ASSIGNMENT: Pictures excluded, copy all of the data below exactly.

ENTRIES PROVIDED:
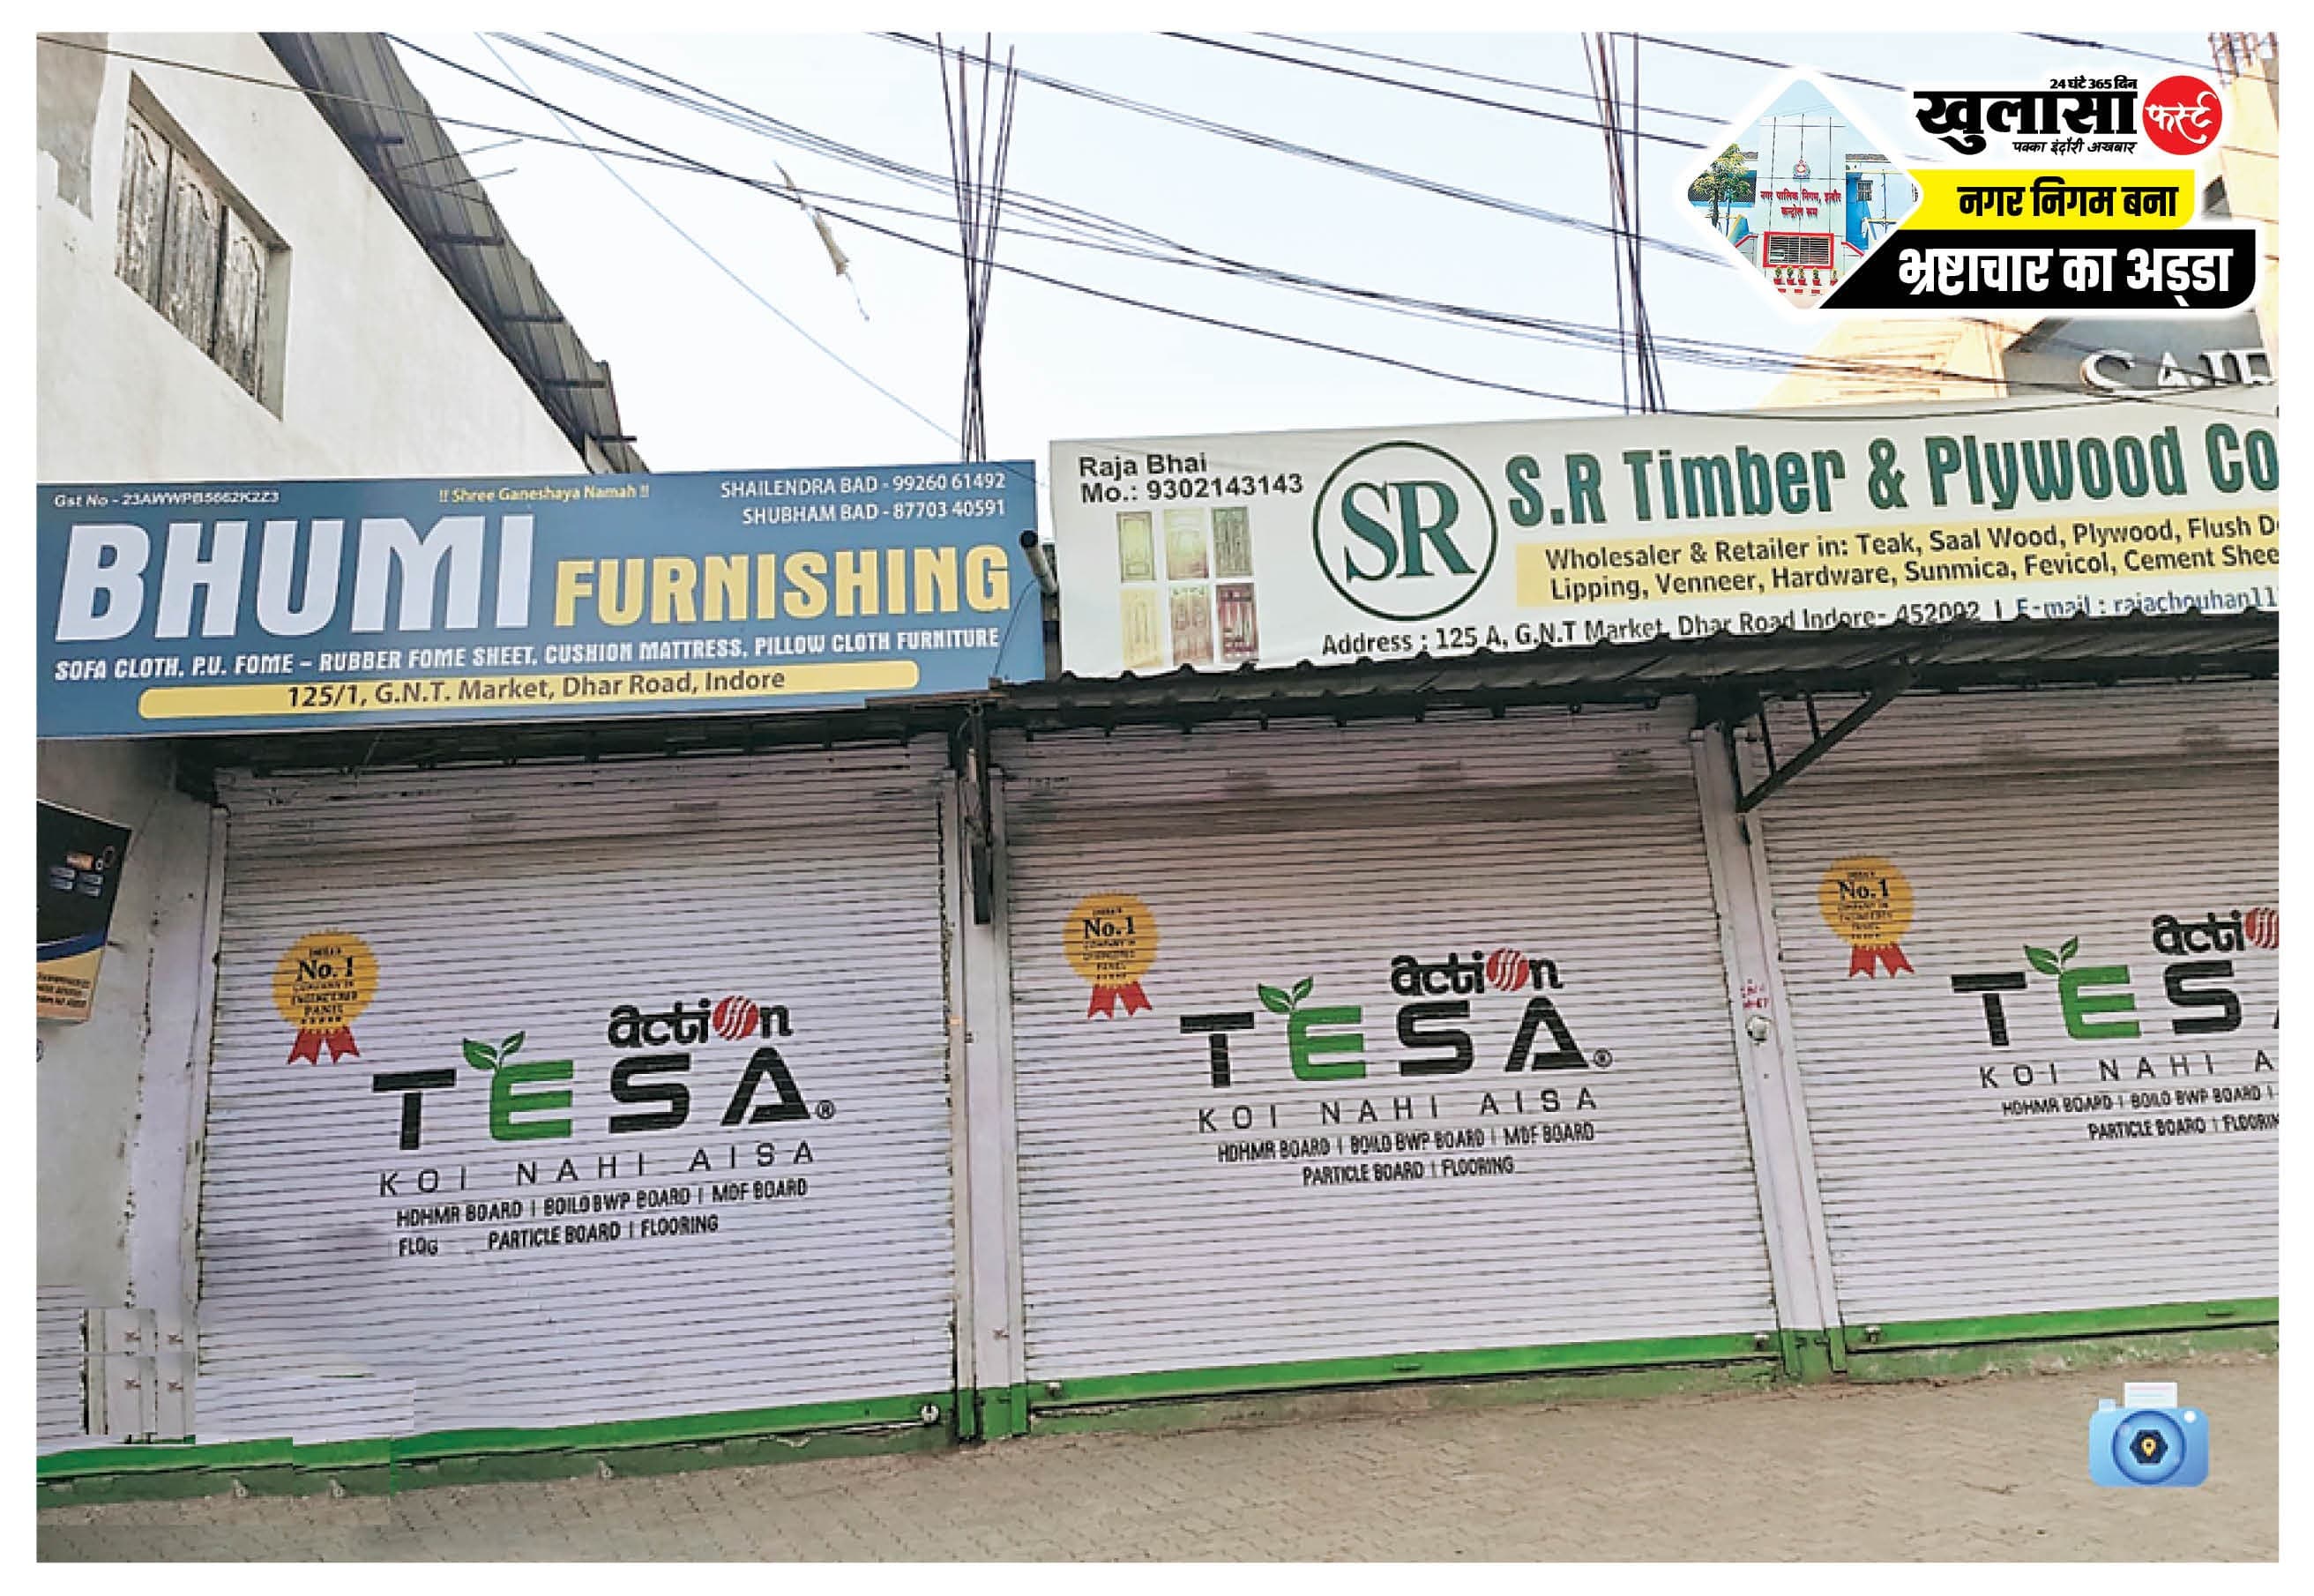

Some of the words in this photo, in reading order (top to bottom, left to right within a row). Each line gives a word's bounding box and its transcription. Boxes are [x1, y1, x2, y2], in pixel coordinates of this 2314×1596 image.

[721, 477, 837, 498] SHAILENDRA
[840, 476, 878, 495] BAD
[892, 474, 948, 493] 99260
[952, 473, 1006, 490] 61492
[1079, 456, 1138, 481] Raja
[1147, 452, 1207, 475] Bhai
[1146, 474, 1304, 499] 9302143143
[1505, 452, 1607, 527] S.R
[1623, 444, 1846, 522] Timber
[1869, 437, 1908, 510] &
[1924, 426, 2188, 511] Plywood
[55, 494, 81, 507] Gst
[86, 494, 108, 507] No
[452, 488, 495, 502] Shree
[499, 486, 580, 503] Ganeshaya
[584, 484, 636, 499] Namah
[743, 505, 837, 525] SHUBHAM
[840, 503, 879, 521] BAD
[892, 502, 947, 519] 87703
[952, 499, 1005, 517] 40591
[1341, 480, 1477, 584] SR
[1546, 544, 1682, 571] Wholesaler
[1691, 543, 1708, 563] &
[1715, 536, 1810, 563] Retailer
[1817, 535, 1848, 557] in:
[1855, 531, 1922, 556] Teak,
[1930, 527, 1982, 553] Saal
[1989, 524, 2066, 550] Wood,
[2072, 518, 2181, 548] Plywood,
[2188, 515, 2251, 540] Flush
[2258, 514, 2279, 536] D
[55, 515, 534, 641] BHUMI
[555, 544, 1011, 627] FURNISHING
[1551, 577, 1649, 602] Lipping,
[1655, 571, 1764, 595] Venneer,
[1772, 564, 1897, 589] Hardware,
[1904, 556, 2017, 584] Sunmica,
[2024, 551, 2116, 578] Fevicol,
[2124, 545, 2215, 571] Cement
[1323, 632, 1411, 655] Address
[1436, 627, 1478, 651] 125
[1677, 615, 1732, 636] Dhar
[1740, 608, 1794, 633] Road
[2113, 585, 2279, 613] rajachouhan11
[55, 660, 107, 682] SOFA
[235, 653, 294, 675] FOME
[318, 650, 401, 672] RUBBER
[408, 648, 466, 669] FOME
[546, 642, 633, 666] CUSHION
[755, 635, 825, 656] PILLOW
[832, 631, 891, 653] CLOTH
[897, 627, 999, 650] FURNITURE
[288, 685, 368, 709] 125/1,
[375, 682, 452, 704] G.N.T.
[458, 678, 555, 702] Market,
[563, 675, 622, 698] Dhar
[630, 673, 699, 697] Road,
[705, 669, 786, 691] Indore
[1951, 960, 2279, 1048] TES
[1180, 996, 1590, 1089] TESA
[1980, 1062, 2058, 1090] KOI
[2099, 1053, 2213, 1082] NAHI
[372, 1047, 812, 1151] TESA
[1198, 1104, 1277, 1133] KOI
[1322, 1094, 1438, 1124] NAHI
[1480, 1086, 1597, 1115] AISA
[2063, 1094, 2113, 1114] BOARD
[2213, 1085, 2261, 1103] BOARD
[1218, 1141, 1276, 1163] HDHMR
[1280, 1137, 1331, 1159] BOARD
[1435, 1128, 1485, 1148] BOARD
[1542, 1121, 1594, 1143] BOARD
[2087, 1120, 2154, 1141] PARTICLE
[2155, 1115, 2206, 1137] BOARD
[2222, 1113, 2279, 1131] FLOORIN
[379, 1165, 467, 1198] KOI
[517, 1152, 644, 1186] NAHI
[688, 1141, 814, 1173] AISA
[1302, 1163, 1370, 1186] PARTICLE
[1373, 1160, 1423, 1182] BOARD
[1441, 1155, 1516, 1177] FLOORING
[396, 1204, 459, 1227] HDHMR
[466, 1200, 523, 1222] BOARD
[637, 1187, 690, 1209] BOARD
[753, 1177, 809, 1199] BOARD
[489, 1225, 562, 1249] PARTICLE
[565, 1220, 621, 1244] BOARD
[641, 1213, 719, 1239] FLOORING

RESULT:
Some of the words in this photo, in reading order (top to bottom, left to right within a row). Each line gives a word's bounding box and its transcription. Boxes are [x1, y1, x2, y2], in pixel coordinates of this 2314×1596 image.

[721, 477, 837, 498] SHAILENDRA
[840, 476, 878, 495] BAD
[892, 474, 948, 493] 99260
[952, 473, 1006, 490] 61492
[1079, 456, 1138, 481] Raja
[1147, 452, 1207, 475] Bhai
[1146, 474, 1304, 499] 9302143143
[1505, 452, 1607, 527] S.R
[1623, 444, 1846, 522] Timber
[1869, 437, 1908, 510] &
[1924, 426, 2188, 511] Plywood
[55, 494, 81, 507] Gst
[86, 494, 108, 507] No
[452, 488, 495, 502] Shree
[499, 486, 580, 503] Ganeshaya
[584, 484, 636, 499] Namah
[743, 505, 837, 525] SHUBHAM
[840, 503, 879, 521] BAD
[892, 502, 947, 519] 87703
[952, 499, 1005, 517] 40591
[1341, 480, 1477, 584] SR
[1546, 544, 1682, 571] Wholesaler
[1691, 543, 1708, 563] &
[1715, 536, 1810, 563] Retailer
[1817, 535, 1848, 557] in:
[1855, 531, 1922, 556] Teak,
[1930, 527, 1982, 553] Saal
[1989, 524, 2066, 550] Wood,
[2072, 518, 2181, 548] Plywood,
[2188, 515, 2251, 540] Flush
[2258, 514, 2279, 536] D
[55, 515, 534, 641] BHUMI
[555, 544, 1011, 627] FURNISHING
[1551, 577, 1649, 602] Lipping,
[1655, 571, 1764, 595] Venneer,
[1772, 564, 1897, 589] Hardware,
[1904, 556, 2017, 584] Sunmica,
[2024, 551, 2116, 578] Fevicol,
[2124, 545, 2215, 571] Cement
[1323, 632, 1411, 655] Address
[1436, 627, 1478, 651] 125
[1677, 615, 1732, 636] Dhar
[1740, 608, 1794, 633] Road
[2113, 585, 2279, 613] rajachouhan11
[55, 660, 107, 682] SOFA
[235, 653, 294, 675] FOME
[318, 650, 401, 672] RUBBER
[408, 648, 466, 669] FOME
[546, 642, 633, 666] CUSHION
[755, 635, 825, 656] PILLOW
[832, 631, 891, 653] CLOTH
[897, 627, 999, 650] FURNITURE
[288, 685, 368, 709] 125/1,
[375, 682, 452, 704] G.N.T.
[458, 678, 555, 702] Market,
[563, 675, 622, 698] Dhar
[630, 673, 699, 697] Road,
[705, 669, 786, 691] Indore
[1951, 960, 2279, 1048] TES
[1180, 996, 1590, 1089] TESA
[1980, 1062, 2058, 1090] KOI
[2099, 1053, 2213, 1082] NAHI
[372, 1047, 812, 1151] TESA
[1198, 1104, 1277, 1133] KOI
[1322, 1094, 1438, 1124] NAHI
[1480, 1086, 1597, 1115] AISA
[2063, 1094, 2113, 1114] BOARD
[2213, 1085, 2261, 1103] BOARD
[1218, 1141, 1276, 1163] HDHMR
[1280, 1137, 1331, 1159] BOARD
[1435, 1128, 1485, 1148] BOARD
[1542, 1121, 1594, 1143] BOARD
[2087, 1120, 2154, 1141] PARTICLE
[2155, 1115, 2206, 1137] BOARD
[2222, 1113, 2279, 1131] FLOORIN
[379, 1165, 467, 1198] KOI
[517, 1152, 644, 1186] NAHI
[688, 1141, 814, 1173] AISA
[1302, 1163, 1370, 1186] PARTICLE
[1373, 1160, 1423, 1182] BOARD
[1441, 1155, 1516, 1177] FLOORING
[396, 1204, 459, 1227] HDHMR
[466, 1200, 523, 1222] BOARD
[637, 1187, 690, 1209] BOARD
[753, 1177, 809, 1199] BOARD
[489, 1225, 562, 1249] PARTICLE
[565, 1220, 621, 1244] BOARD
[641, 1213, 719, 1239] FLOORING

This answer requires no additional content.